What does “you can’t lick a badger twice”?
Like many English words – “A bird in the hand is worth two in the bush”, “a surveillance pot never bubbles” – this is not even true. Frankly, nothing prevents you from licking a badger as often as you wish, even if I do not recommend it.
(I am sure that lawyers for business insider would like me to insist that you show caution when meeting fauna, and that we cannot be held responsible for rabies infections.)
If the sentence does not sound, it is because, unlike “sounds a bell”, it is not in fact a real saying – or idiom – in English.
But the preview of Google’s AI certainly thinks that it is real and will gladly give you a detailed response of what the sentence means.
Greg Jenner, British historian and podcaster, saw people talk about this phenomenon on the threads and wanted to try it himself with an invented idiom. The badger’s sentence “has just jumped into my head,” he told Business Insider. Her Google research spat an answer that seemed reasonable.
I wanted to try this myself, so I invented a few false sentences – like “you cannot put a duck in a pencil” – and I added “meaning” to my research request.
Google took me seriously and explained:
“You can’t put a duck in a pencil.” Initiate of Business
So I tried others, like “the road is full of salsa”. (The one I would like to see being used in real life, personally.)
A google spokesperson told me, basically, that her AI systems were doing their best to give you what you want – but that when people deliberately try to play games, sometimes AI cannot follow exactly.
“When people do absurd research or” false premises “, our systems will try to find the most relevant results based on available web content,” said spokesperson Meghann Farnsworth.

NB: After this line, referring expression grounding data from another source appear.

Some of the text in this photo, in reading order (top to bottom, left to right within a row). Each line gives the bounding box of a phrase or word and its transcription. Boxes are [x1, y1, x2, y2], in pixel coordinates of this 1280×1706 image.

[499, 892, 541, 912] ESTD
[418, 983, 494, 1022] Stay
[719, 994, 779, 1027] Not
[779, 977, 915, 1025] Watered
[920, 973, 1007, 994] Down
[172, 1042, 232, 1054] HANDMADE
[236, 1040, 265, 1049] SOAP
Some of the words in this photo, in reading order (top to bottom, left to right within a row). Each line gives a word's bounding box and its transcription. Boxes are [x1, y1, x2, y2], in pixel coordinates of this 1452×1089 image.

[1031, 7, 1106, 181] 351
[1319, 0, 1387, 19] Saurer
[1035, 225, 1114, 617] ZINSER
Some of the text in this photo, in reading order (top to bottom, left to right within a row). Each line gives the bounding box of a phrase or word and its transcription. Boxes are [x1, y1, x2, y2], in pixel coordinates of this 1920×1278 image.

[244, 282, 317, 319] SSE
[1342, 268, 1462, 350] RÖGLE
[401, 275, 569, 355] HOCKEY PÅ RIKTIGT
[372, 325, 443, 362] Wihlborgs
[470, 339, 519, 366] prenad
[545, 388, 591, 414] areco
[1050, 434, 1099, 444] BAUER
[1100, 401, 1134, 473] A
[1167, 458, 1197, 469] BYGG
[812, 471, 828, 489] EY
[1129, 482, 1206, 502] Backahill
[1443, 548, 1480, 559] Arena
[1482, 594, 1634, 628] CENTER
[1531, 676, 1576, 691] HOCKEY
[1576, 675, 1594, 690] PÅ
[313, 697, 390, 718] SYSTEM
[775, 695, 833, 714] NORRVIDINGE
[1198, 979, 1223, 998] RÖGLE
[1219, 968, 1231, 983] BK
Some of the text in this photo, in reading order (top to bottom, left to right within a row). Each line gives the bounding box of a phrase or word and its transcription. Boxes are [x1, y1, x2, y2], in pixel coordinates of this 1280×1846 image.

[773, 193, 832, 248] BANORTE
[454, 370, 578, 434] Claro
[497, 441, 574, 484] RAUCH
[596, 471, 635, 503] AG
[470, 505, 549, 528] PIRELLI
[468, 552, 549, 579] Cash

“This is true for research overall – and in some cases, the AI glimps will also be triggered in order to provide a useful context.”
“The road is full of salsa.” Initiate of Business
Basically, AI’s overviews are not perfect (DUH), and these false idioms are “false” research which is deliberately intended to trip it (fairly fair).
Google is trying to limit AI’s overviews to respond to things that are “data empty”, that is to say when there are no good web results to a question.
But clearly, it doesn’t always work.
I have some ideas about what’s going on here – some are good and useful, some are not. As we could even say, it is a mixed bag.
But first, another invented sentence that Google tried to find a meaning for: “Do not kiss the door handle.” Said an overview of Google’s AI:
“Do not kiss the door handle.” Initiate of Business
So what’s going on here?
Good:
The Englishman is full of idioms like “kick the bucket” or “piece of cake”. These can be confusing if English is not your first language (and frankly, they are often confused for native speakers too). My case is that the sentence is generally disturbed as “example and point”.
It is therefore very logical that people often google to understand the meaning of a sentence they have encountered that they do not understand. And in theory, this is a great use for the responses to the UA overview: you want to see the answer simply declared right away, and not click on a link.
The bad:
IA should Be really good in this special thing. The LLMs are formed on large quantities of the English written language – books of books, websites, YouTube transcriptions, etc., therefore being able to recognize idioms is something that they should be very good to do.
The fact that it makes mistakes here is not ideal. What is wrong that the preview of Google’s AI does not give the real answer, which is “it is not a sentence, silly”? Is it just a classic hallucination?
The ugly:
Compared, Chatgpt gave a better answer when I questioned him on the badger sentence. He told me that it was not a standard English idiom, even if he had the vaguely folk sound of one. Then he offered: “If we Treat it as a real idiom (for pleasure), “and gave a possible definition.
So this is not a problem through all AI – It seems to be a Google problem.
Can’t lick a badger twice? Reuters / Russell Cheyne
This is somewhat different from the fiasco of the responses to the Google AI preview of last year when the results have drawn information information like Reddit without considering the sarcasm – Remember when he suggested that people should eat rocks for minerals or put glue in their pizza (someone on Reddit had already joked on pizza glue, which seems to be from).
These are all very low issues and an idiotic pleasure, constituting false sentences, but it testifies to the bigger and uglier problems with the AI increasingly tangled in the way we use the Internet. This means that research on Google is somehow worse, and as people are starting to count on them, this bad information only gets into the world and considering a fact.
Of course, research on AI will go better and more precise, but what growing pain will we last while we are in this intermediate phase of an internet a little wobbly and a little waste and filled with rooms?
AI is there, it already changes our lives. There is no return, the horse left the barn. Or as they say, you cannot lick a badger twice.